For money in trusts, it all comes down to the provisions for distribution. Many of them set limits preventing the youngsters from getting anything unless they complete tasks, like graduate.

Fidelity’s Ruth says the trend is to keep the rules as restrictive as possible.

Incentives are crucial, he says. “You can get money if you start a business or get a masters degree. A lot of times, they can only get out as much money as they earn. They have to show up with a W-2,” Ruth says. “And if you’re not doing the right thing, you will get zero money.”

The cost of setting up a trust with an estate attorney will depend on how much money is invested, and ongoing professional money management will cost an annual fee of around 1% of assets.

Allow a Little Splurge

For Tim Noonan, managing director of capital market insights for Russell Investments in Seattle, the key to his financial parenting was instilling a sense of mystery about the power of money. The message: “Money is a magical tool, but it will turn against you if you do the wrong thing.”

While he doesn’t expect his daughter to get a lot of cash gifts when she graduates this month, he was willing to shell out for a celebratory present.

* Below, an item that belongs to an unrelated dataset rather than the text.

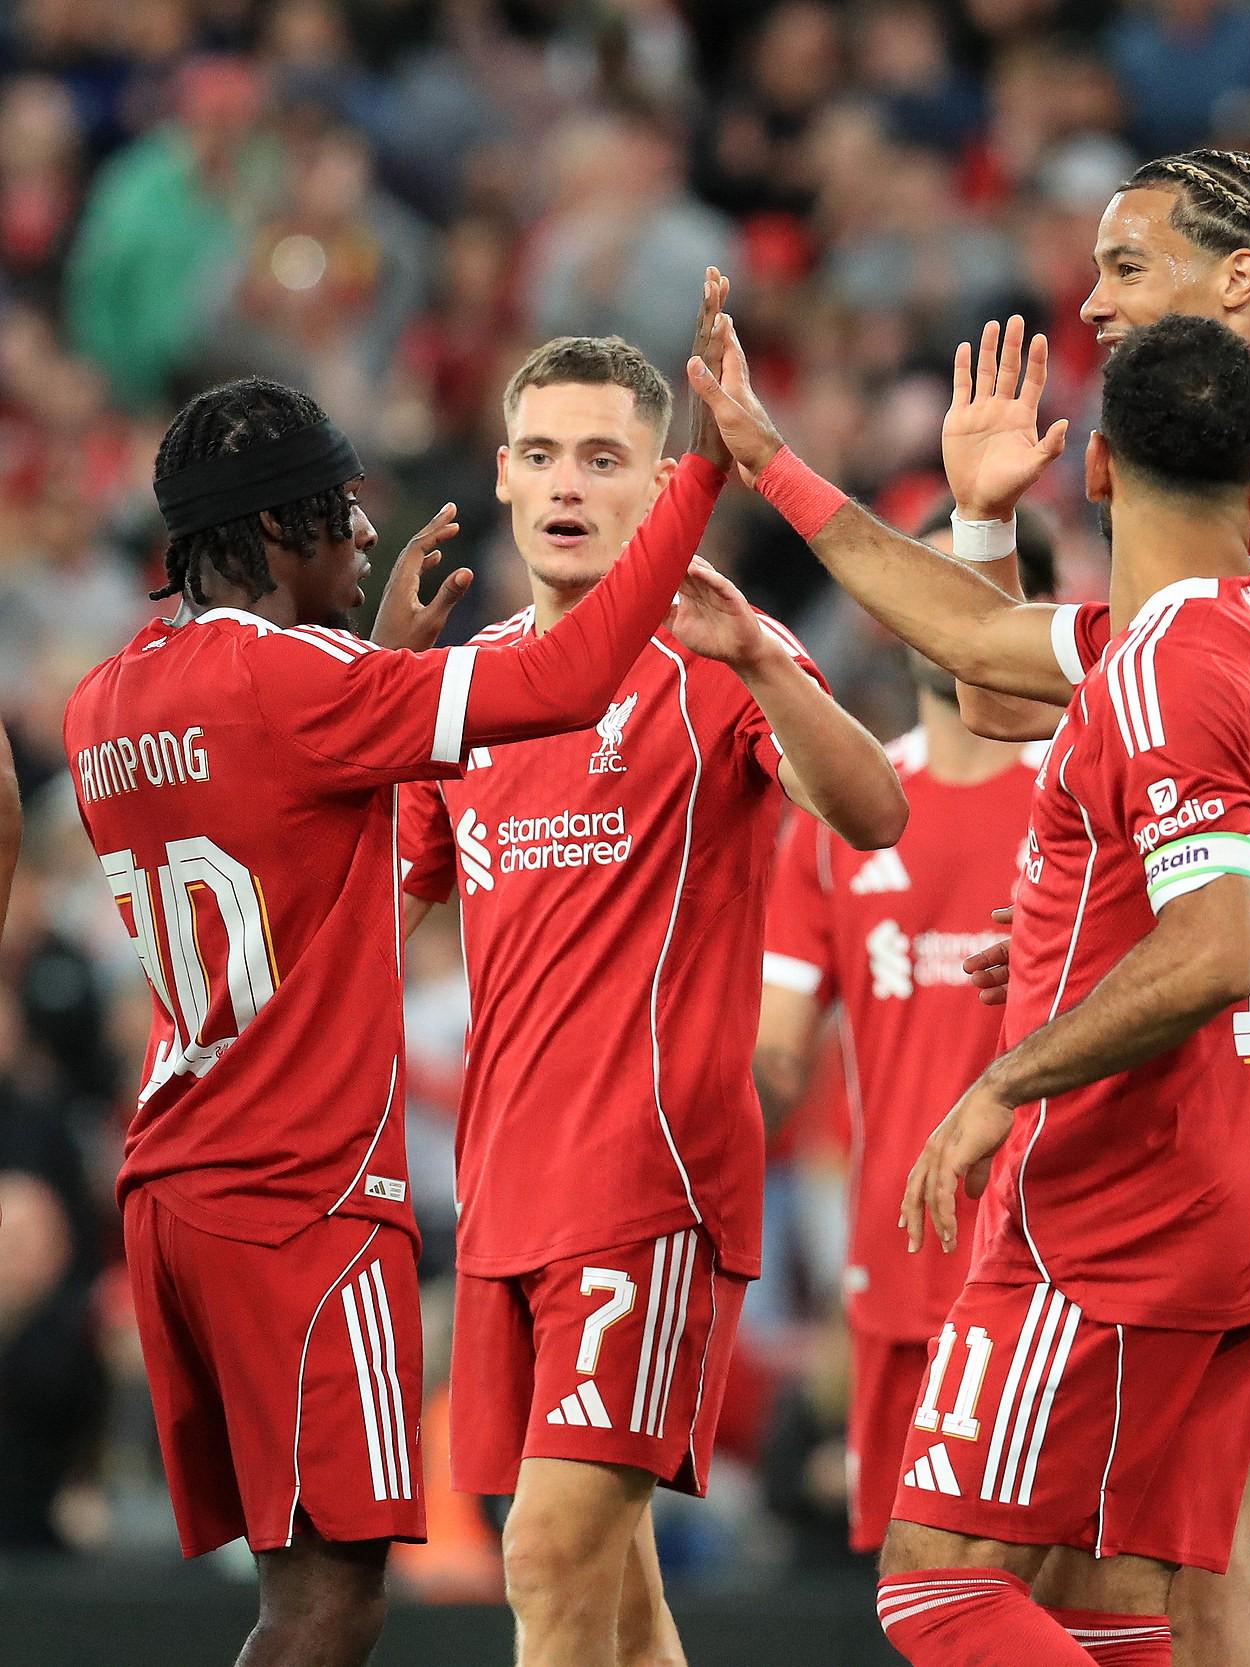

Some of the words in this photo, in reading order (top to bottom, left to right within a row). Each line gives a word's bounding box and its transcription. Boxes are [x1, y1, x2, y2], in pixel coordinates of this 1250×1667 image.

She asked for a party for all her friends, which he was happy to do because she already has a job lined up.

Totenberg, the New York City mom, is expecting her daughter to be responsible but also allowing for fun. “She may buy some shoes or some ridiculous gift pack from Sephora that is all pretty packaging—something she knows I’ll never buy for her,” she says.

Direct Gifts From Family Members

One stealth way to maintain a little control over funds is to direct family members toward appropriate non-cash gifts. This is what Kirchenbauer, whose son has the $60,000 college fund, is doing when family members ask what her son would like for graduation. To one she suggested a set of luggage, to another a suit, and to a third a laptop.

“My mom is just writing a check,” she said, which she hopes her son will put in a savings account.